しかし、嚮心塾では一切、そのようなことをしていません。端的にいえば、状況によっては、必死に頑張っていて東大や医学部にあと少しで合格する子の質問に答えることを後回しにしては、塾に来ても勉強する気がなくすぐ居眠りしてしまう子を起こす時間や、「それだとこういうふうに困るよ。」と何回も説明する時間をとっている、ということです。
もちろん、僕だって頑張っている子の力にこそなりたいですし、特にここからの受験直前の時期は、そのようなことで時間や手間が取られ、一生懸命勉強している子の質問や相談に乗れる時間が削られてしまうことを本当に悔しく思います。しかし、僕がそのようになかなか勉強に対してやる気になれない子達を見捨てることは、実はやる気になれない子達にとってだけではなく、そこで必死に受験勉強をしている子達にとっても良くない影響を与えてしまう、と思っています。

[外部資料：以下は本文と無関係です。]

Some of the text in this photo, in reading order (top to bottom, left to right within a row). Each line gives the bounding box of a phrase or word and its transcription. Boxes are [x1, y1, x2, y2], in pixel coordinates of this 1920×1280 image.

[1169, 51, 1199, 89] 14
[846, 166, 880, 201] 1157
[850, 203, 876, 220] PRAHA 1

それはどういうことかといえば、受験勉強を頑張るのは、他の誰かの為ではなく根本的には自分の為です。将来の自分の利益の為に、現在の犠牲を払っているだけです。なぜなら、ここはそのような努力が非常に「お得な」社会であり、18や19くらいのどこの大学に入ったか、ということが一生付いて回る再チャレンジしにくい社会であるからです。そのような構造に気づき、あるいは親に叩き込まれてそのように努力をする子達は、利にさとい、百歩譲って、「賢い」子達であっても、その努力は所詮自分の為であり、それ自体は何らほめるべきことではありません。ただ、大人というのはどうしてもその勉強の必要性を子供に説き疲れているので、自分から勉強をする子を「偉い」とついつい褒めてしまいます。そこで、その子達にとっては大きな勘違いが生まれてくる訳です。努力している自分たちが、努力をしない人々に足を引っ張られるのは、おかしい。などなどですね。よく、エリートっぽい人たちが言いそうなことです。しかし、自分が利益を得る為に努力しているのは、別に自分の為であって、そこに何らかの言挙げすべき道徳感などないでしょう。そこを子供達に勘違いさせてはなりません。

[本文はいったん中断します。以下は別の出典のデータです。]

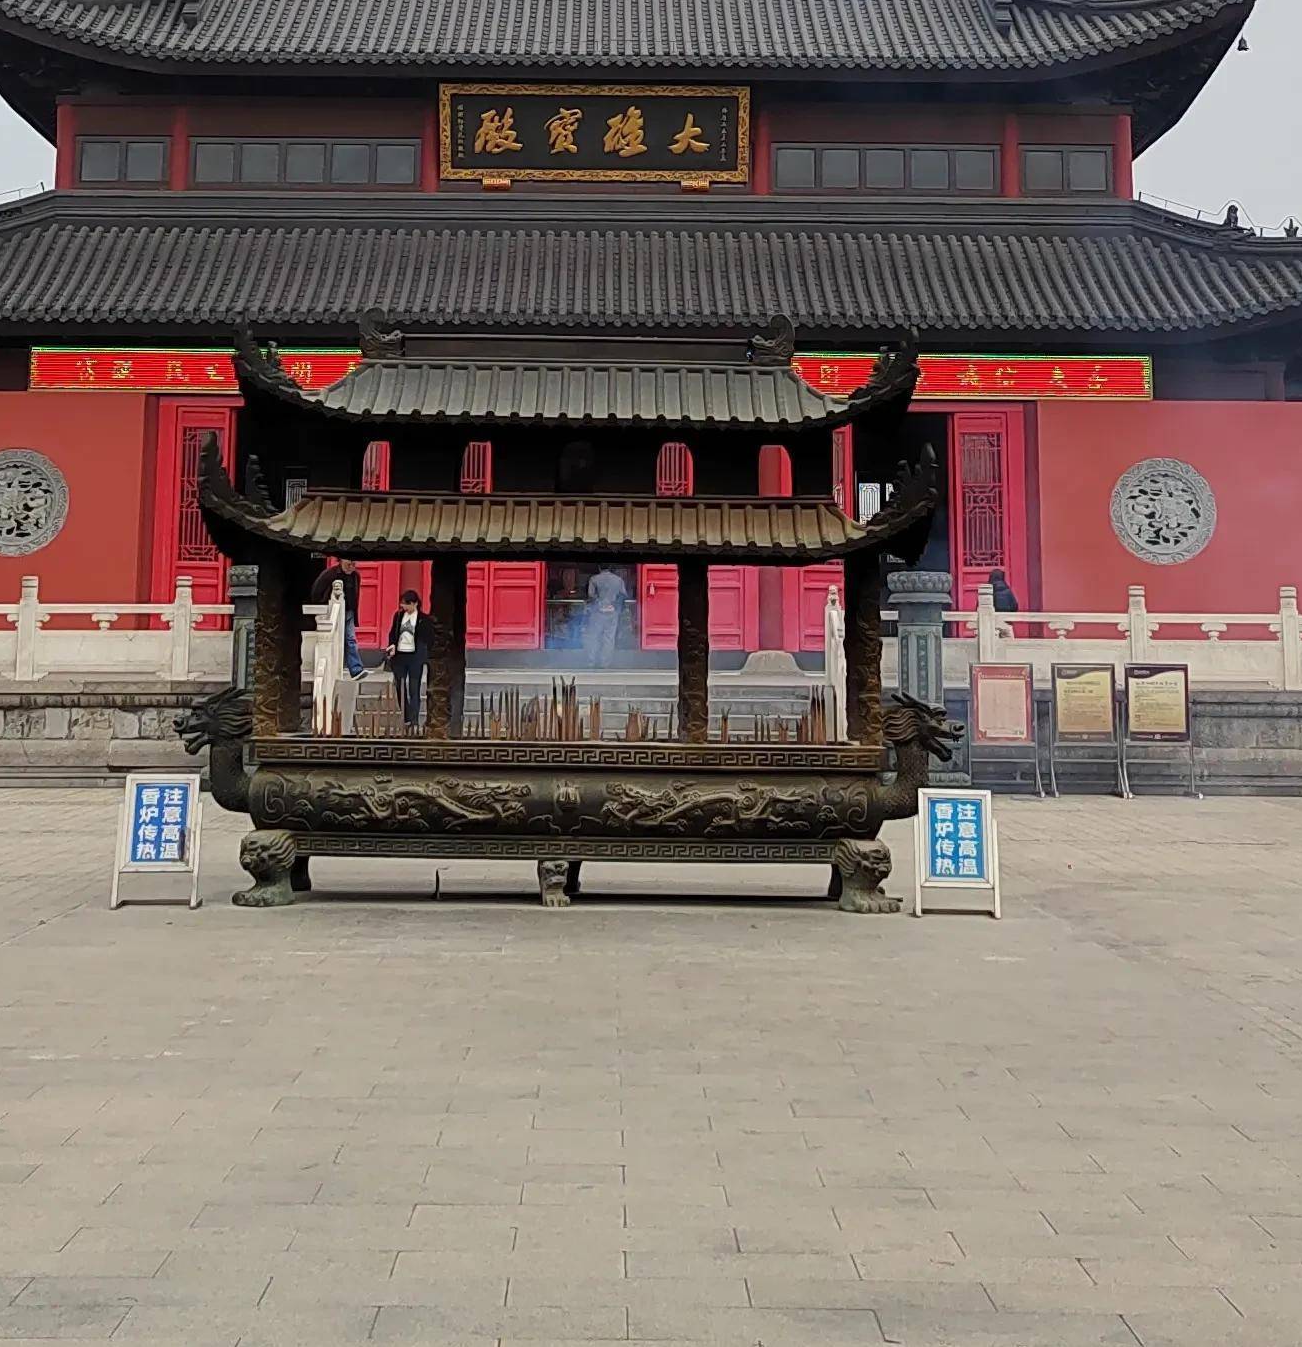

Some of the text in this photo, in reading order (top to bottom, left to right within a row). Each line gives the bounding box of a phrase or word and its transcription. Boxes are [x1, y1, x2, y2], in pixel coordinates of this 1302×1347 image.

[136, 787, 160, 860] 香炉传热
[160, 788, 184, 859] 注意高温
[934, 802, 956, 875] 香炉传热
[956, 803, 980, 876] 注意高温

さらには、そのような「なぜ目の前の目標に対して頑張らないのかわからない」と努力をする子達が馬鹿にするその対象の子達のような状態に、馬鹿にしている側の子達もまた、容易に陥る可能性があるのです。人間は誰しも弱いし、ちょっと足を踏み外せば、とたんに逆の立場に転落することもあるでしょう。その自分の中にもある弱い自分を認めることができるかどうかが、人間性への一人一人の理解を深める為には必要なことです。それがなければ、極めて薄っぺらな人間観しかもちえず、同類の人間としかつきあえないでしょう。

だからこそ、嚮心塾は、どちらの子をも大切にしたいと思っています。徹底的に鍛えるアスリートのような受験生も、リハビリのように少しずつ頭を動かす生徒にも、そのどちらの努力も尊いことを伝えたいと思っています。それがこの社会を分断させない、ということです。そのためにも、合格実績だけを追い求めて最適化する、という方向を今までもとっていませんし、これからも決してとらないでしょう。その結果塾がつぶれるのなら、それはそれで仕方のないことです。

という塾なのだ、ということを理解して納得した上で入っていただきたいと思っているのですが、あまりブログを書かないでいると、この「ちょっと変わった塾」ということがあまり伝わらないままになってしまうと思って、ブログの更新頻度を上げようと思った次第です。

まあ、それだけ覚悟してやっていても、勉強が嫌いな子ほど、こちらのどのような働きかけにもなかなか応えてもらえず、親御さんがしびれを切らして辞めていく、ということが多いのです。正直、塾業界でそのように学習に困っている子を本気でなんとかしようとしている塾など、ごくわずかしか存在しないのでは、と思います(そこをメインターゲットにしている塾だけですよね。しかし、それはそれで逆にコストがかかる塾が多いと思います。なぜなら、勉強が苦手な子を教えるというのは、非常に手間のかかるものであるからです。嚮心塾のような月額でそれをやろう、というのはかなり経営的にもアホなことであるのだと思います。まあ、絶対やめませんが。)。

このブログは僕の中高の頃の同級生もたまに読んでくれている人もいるみたいですが、僕はぶっちゃけあの開成という学校があまり好きではありませんでした。深く考えて生きてもいないのに、勉強やスポーツ、運動会や文化祭、という見えやすい目標で他人を評価する感じと言いますか、その評価基準の薄っぺらさに辟易していたところがあります。もちろん、その薄っぺらさを自分では真っ向からは否定できず、その薄っぺらさに苦しんでは「劣等生」扱いされていくようなごく一部の同級生ほどの勇気もなく、結局勉強やスポーツを努力して結果を出してしまう自分の信念のなさも含めて、とても苦い思い出です。もちろん、自分の為に努力できない人間に他人の為の努力ができるかといえば、それは難しいでしょう。しかし、自分の為の努力は、人間として賞賛すべき努力の必要条件ではあっても決して十分条件ではありません。しかし、そんな当たり前のことすら、なかなかにわかっていない子供達が、ということは即ち、大人達も多いように思います。去年の受験生で、本当に誰よりも努力していた子が、「自分の為に努力するのは当たり前」ということを自身の努力を褒められた際に(謙遜ではなく、むしろそんなことを何故褒められるのか困惑した様子で)言ってくれていました。そのように感じられる子達の力にこそ、どこまでも、いつまでもなるための塾でなければならないと思っています。その子は塾の力が足りず、残念ながら第一志望に合格することはできなかったのですが、しかし、その気持ちと姿勢を忘れないでいる以上は、ここからの努力で必ず一流になれると思っています。

話が飛びすぎましたね。
ともあれ、ここからの受験本番で、このペースを守れるかはわかりませんが、多少ペースは落ちても、何とか書き続けていきたいと思います。